Restate word for word the line containing "this 1600×1200 image." and all remaining lines of the entries below.
RECORDS SHOWN START
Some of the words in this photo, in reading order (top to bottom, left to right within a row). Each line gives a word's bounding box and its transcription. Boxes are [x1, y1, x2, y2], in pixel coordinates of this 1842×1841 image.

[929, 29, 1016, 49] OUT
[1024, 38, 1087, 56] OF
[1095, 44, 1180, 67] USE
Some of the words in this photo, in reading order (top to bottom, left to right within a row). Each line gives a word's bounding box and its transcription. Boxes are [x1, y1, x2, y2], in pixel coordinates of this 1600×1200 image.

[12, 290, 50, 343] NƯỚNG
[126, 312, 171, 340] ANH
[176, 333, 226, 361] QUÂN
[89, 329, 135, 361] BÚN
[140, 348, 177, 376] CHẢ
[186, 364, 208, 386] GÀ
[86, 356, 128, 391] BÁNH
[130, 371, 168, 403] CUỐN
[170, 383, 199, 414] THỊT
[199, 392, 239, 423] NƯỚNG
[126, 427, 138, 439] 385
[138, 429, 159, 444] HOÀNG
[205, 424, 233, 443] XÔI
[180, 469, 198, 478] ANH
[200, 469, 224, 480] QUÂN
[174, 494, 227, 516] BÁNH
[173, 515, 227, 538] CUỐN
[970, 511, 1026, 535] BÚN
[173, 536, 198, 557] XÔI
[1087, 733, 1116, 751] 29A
RECORDS SHOWN END
[TASK RESULT]
Some of the words in this photo, in reading order (top to bottom, left to right within a row). Each line gives a word's bounding box and its transcription. Boxes are [x1, y1, x2, y2], in pixel coordinates of this 1600×1200 image.

[12, 290, 50, 343] NƯỚNG
[126, 312, 171, 340] ANH
[176, 333, 226, 361] QUÂN
[89, 329, 135, 361] BÚN
[140, 348, 177, 376] CHẢ
[186, 364, 208, 386] GÀ
[86, 356, 128, 391] BÁNH
[130, 371, 168, 403] CUỐN
[170, 383, 199, 414] THỊT
[199, 392, 239, 423] NƯỚNG
[126, 427, 138, 439] 385
[138, 429, 159, 444] HOÀNG
[205, 424, 233, 443] XÔI
[180, 469, 198, 478] ANH
[200, 469, 224, 480] QUÂN
[174, 494, 227, 516] BÁNH
[173, 515, 227, 538] CUỐN
[970, 511, 1026, 535] BÚN
[173, 536, 198, 557] XÔI
[1087, 733, 1116, 751] 29A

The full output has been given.